Segment Start: Data records

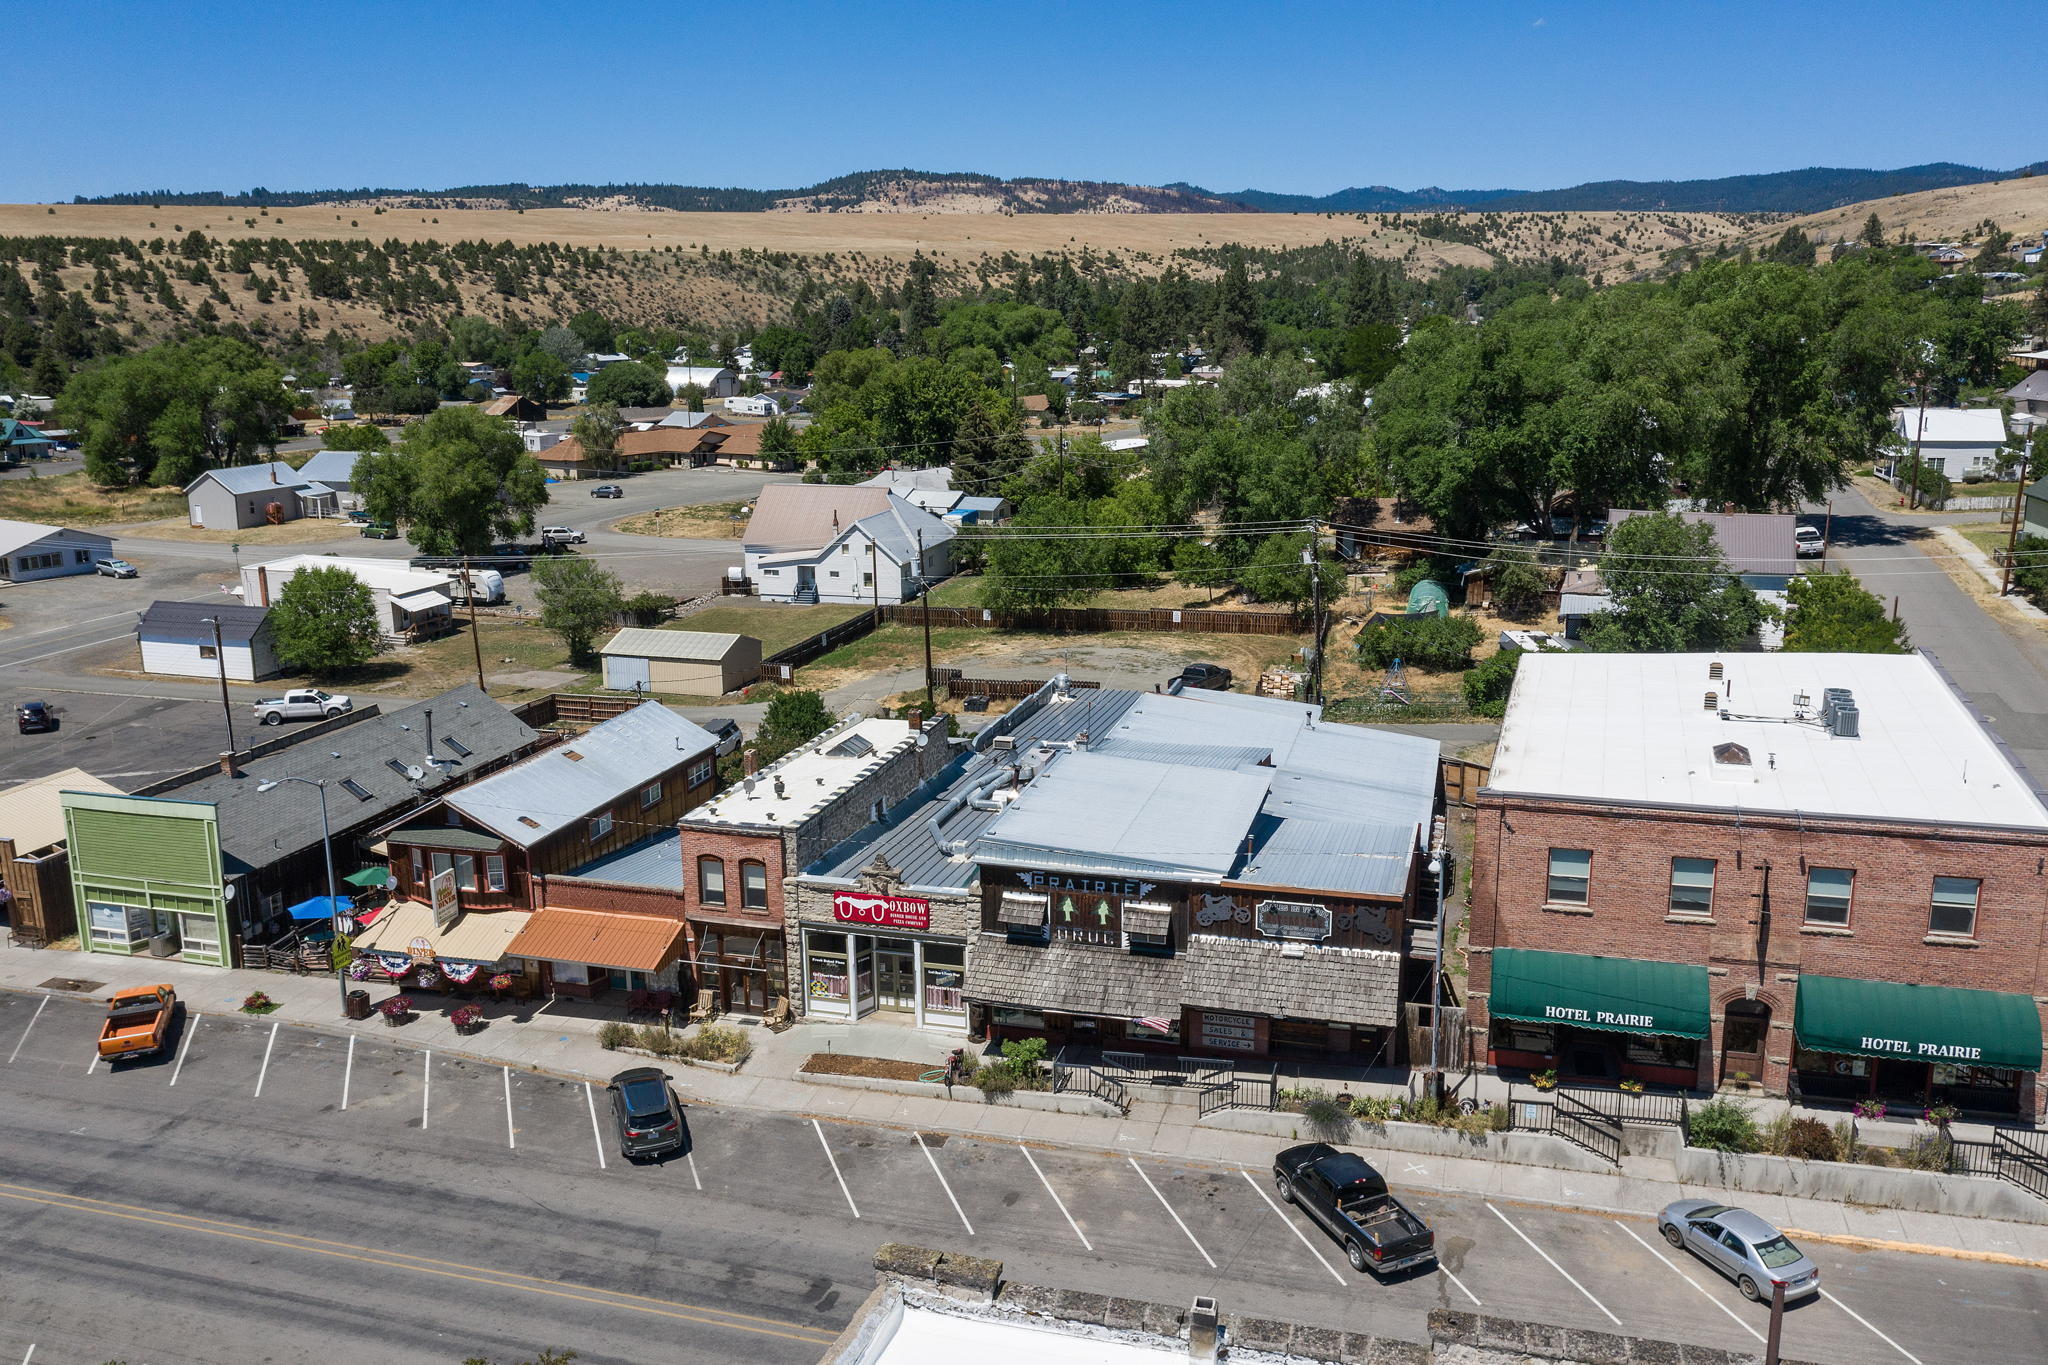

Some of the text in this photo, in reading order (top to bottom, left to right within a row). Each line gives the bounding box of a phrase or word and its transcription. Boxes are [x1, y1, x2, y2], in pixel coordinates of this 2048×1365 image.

[1032, 871, 1140, 897] PRAIRIE
[438, 895, 456, 908] DINER
[889, 900, 926, 914] OXBOW
[407, 946, 436, 957] DINER
[1204, 1014, 1249, 1025] MOTORCYCLE
[1545, 1005, 1654, 1027] HOTEL PRAIRIE
[1208, 1026, 1233, 1035] SALES
[1208, 1037, 1241, 1047] SERVICE
[1861, 1037, 1981, 1060] HOTEL PRAIRIE

Segment End: Data records

Requirement: Skipping any images, write out all the data exactly.

Answer box:
Some of the text in this photo, in reading order (top to bottom, left to right within a row). Each line gives the bounding box of a phrase or word and its transcription. Boxes are [x1, y1, x2, y2], in pixel coordinates of this 2048×1365 image.

[1032, 871, 1140, 897] PRAIRIE
[438, 895, 456, 908] DINER
[889, 900, 926, 914] OXBOW
[407, 946, 436, 957] DINER
[1204, 1014, 1249, 1025] MOTORCYCLE
[1545, 1005, 1654, 1027] HOTEL PRAIRIE
[1208, 1026, 1233, 1035] SALES
[1208, 1037, 1241, 1047] SERVICE
[1861, 1037, 1981, 1060] HOTEL PRAIRIE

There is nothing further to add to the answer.